The paper is well-written, experiments are well-executed, and details of implementations are reported.
The paper raises a significant concern regarding the handling of time-out non-terminal states in RL, which is often overlooked. It emphasizes the importance of correctly handling bootstrapping particularly in the reset-free context.
The concept of intelligently switching between two different agents is intriguing, opening the door to further research in this direction.

缺点

One important argument this paper makes is that adding bootstrapping for time-out non-terminal states is important, although it is theoretically well motivated, I think it would be better to see some practical motivations, especially why it is important under the reset-free setting. For example, are value estimations very different?
The paper introduces several method-specific hyper-parameters such as M, m, and β. It would be valuable to discuss the method's sensitivity and robustness to these hyper-parameters.

问题

Will code be available?
Are there any correlations between adding bootstrapping and adding an intelligent switch? For example, will switch be more useful when bootstrapping is added?
If I understand correctly, a separate critic success function was trained. Why didn't the authors use the critic from SAC (Soft Actor-Critic) instead of training a new one?
In EARL paper, they claimed not using bootstrapping can break the long TD chain, in contrast, this paper suggests using bootstrap. Could authors also discuss these two different ideas?
Bootstrapping for time-out non-terminal states should always be performed, do you have any intuitions on is it more important in the reset-free setting, since in episodic RL setting, people generally just ignore it?
At the beginning of section 5.1, the paper discusses RC and RISC. Could you please elaborate more on RC and the difference between these two agents? Does RC also use bootstrapping?
Analysis on Fig.3 (the last paragraph of section 5.1), you mentioned the RISC agent tends to visit areas where Q-values are low. But in the third/fourth column of Fig.3, it seems like the RC agent also tends to visit areas where Q-values are low? In the third column, the RISC agent actually gathers lots of data in the first room where Q-values are already quite high.
There’s a performance drop on sawyer peg tasks, do you have any intuitions on the decrease of performance?
Which task do you perform ablation study on in Fig.6?
You mentioned demo data is put into the replay buffer, do you oversample it? Will RISC perform the same without demo data?
There's a recent work called IBC (Demonstration-free Autonomous Reinforcement Learning via Implicit and Bidirectional Curriculum) from ICML 2023. While it is relatively new, it may be worth discussing it in the related work section without the need for experimental comparisons.

评论- Author Response (1/2)

2023-11-18

We thank the reviewer for their insightful comments. We’re glad they found our paper well written, our experiments well executed, our analysis of the bootstrapping strategies valuable, and the idea behind our intelligent switching mechanism to be intriguing. We address your concerns and questions below.

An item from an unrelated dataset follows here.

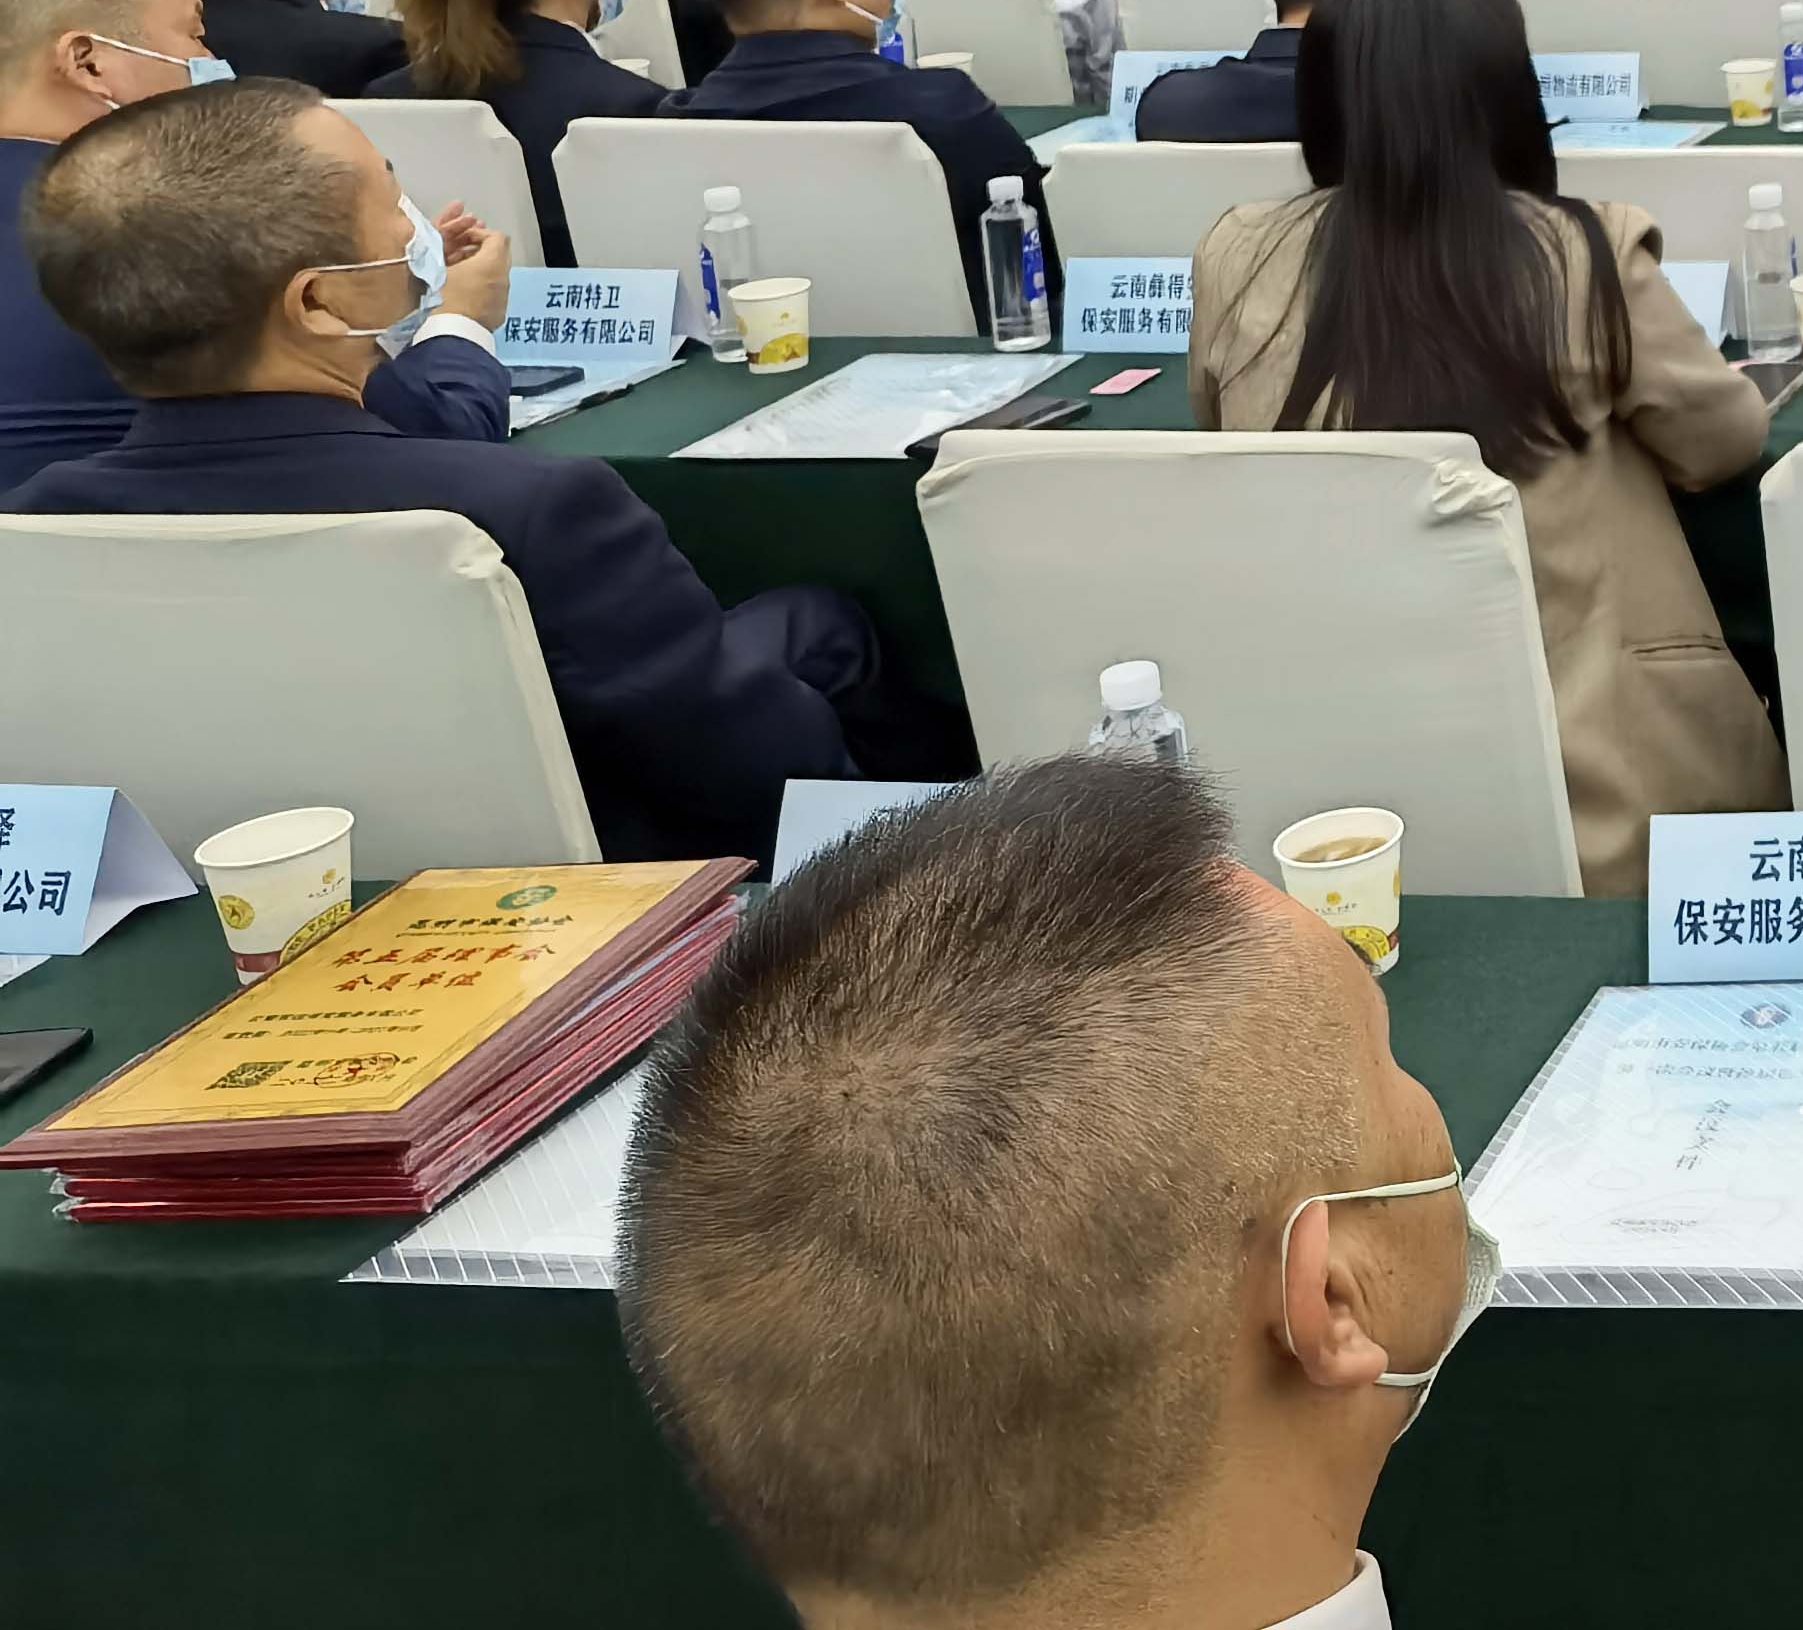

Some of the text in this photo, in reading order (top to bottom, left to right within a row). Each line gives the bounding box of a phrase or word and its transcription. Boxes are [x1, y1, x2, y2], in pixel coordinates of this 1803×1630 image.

[Practical motivations for timeout non-terminal bootstrapping] The timeout-nonterminal bootstrapping strategy makes learning more stable, as it computes consistent targets for a given state regardless of whether a trajectory ended there. With the other strategy, if a transition is sampled from the replay, and it represents the end of the trajectory but not a terminal state, it still gets assigned a target value of 0. If this transition also exists in the replay buffer as not the end of a trajectory, it gets assigned a target value based on the next state in the transition. Removing this discrepancy by using the timeout-nonterminal bootstrapping strategy leads to more stable learning.

[Hyperparameter Sensitivity Analysis] Our algorithm is fairly robust to hyperparameter changes, and our performance does not degrade drastically when completely removing a hyperparameter from the method. To demonstrate this, we have added a hyperparameter sensitivity analysis in Figure 10 (Appendix F, new figure), and Figure 11 (Appendix F, new figure) showing the results when only optimizing for 1 or 2 of the 3 parameters. In both cases, the perturbation/removal of hyperparameters reduced performance, but not significantly.

[Will code be available?] Yes, we will release code with the final version of the paper.

[Are there any correlations between adding bootstrapping and adding an intelligent switch] The timeout-nonterminal bootstrapping strategy is necessary in order to do more aggressive switching. Since intelligent switching introduces more trajectory ends into the replay buffer, not having timeout-nonterminal bootstrapping could likely result in even more instability. This can be seen with the ablation experiments in section 5.3, where just the intelligent switching isn’t able to learn well, but adding bootstrapping and the switching results in the best agent.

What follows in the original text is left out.